From the first line to the last, print the records exactly, leaving out the pictures.
***** EXTRACTED MATERIAL
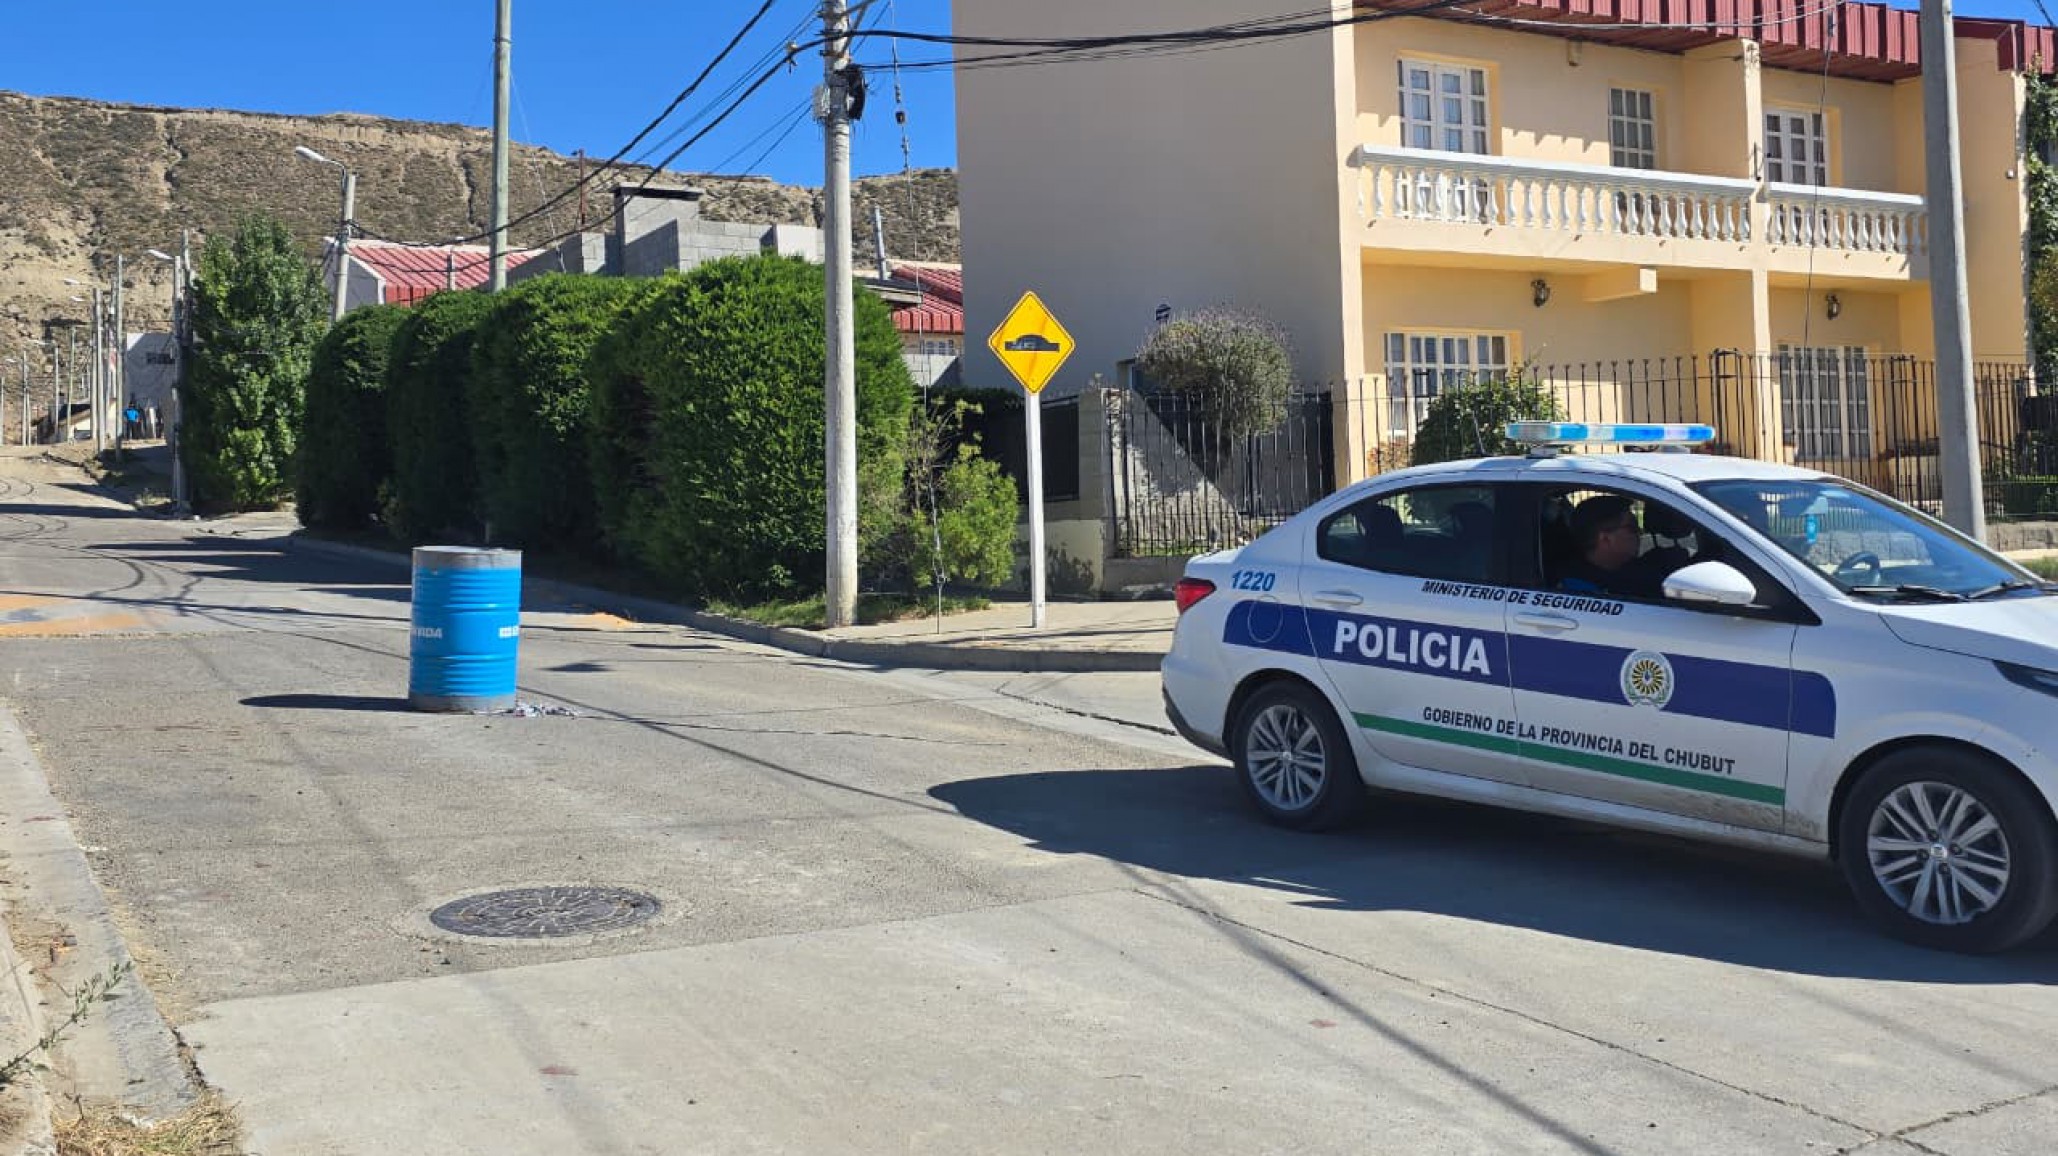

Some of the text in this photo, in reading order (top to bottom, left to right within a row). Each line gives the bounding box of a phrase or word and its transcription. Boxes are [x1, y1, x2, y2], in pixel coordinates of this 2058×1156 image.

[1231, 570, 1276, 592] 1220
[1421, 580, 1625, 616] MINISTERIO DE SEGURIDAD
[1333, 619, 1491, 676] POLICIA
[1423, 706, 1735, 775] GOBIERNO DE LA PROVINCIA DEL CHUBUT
**********
▸ **YOUR RESPONSE**
Some of the text in this photo, in reading order (top to bottom, left to right within a row). Each line gives the bounding box of a phrase or word and its transcription. Boxes are [x1, y1, x2, y2], in pixel coordinates of this 2058×1156 image.

[1231, 570, 1276, 592] 1220
[1421, 580, 1625, 616] MINISTERIO DE SEGURIDAD
[1333, 619, 1491, 676] POLICIA
[1423, 706, 1735, 775] GOBIERNO DE LA PROVINCIA DEL CHUBUT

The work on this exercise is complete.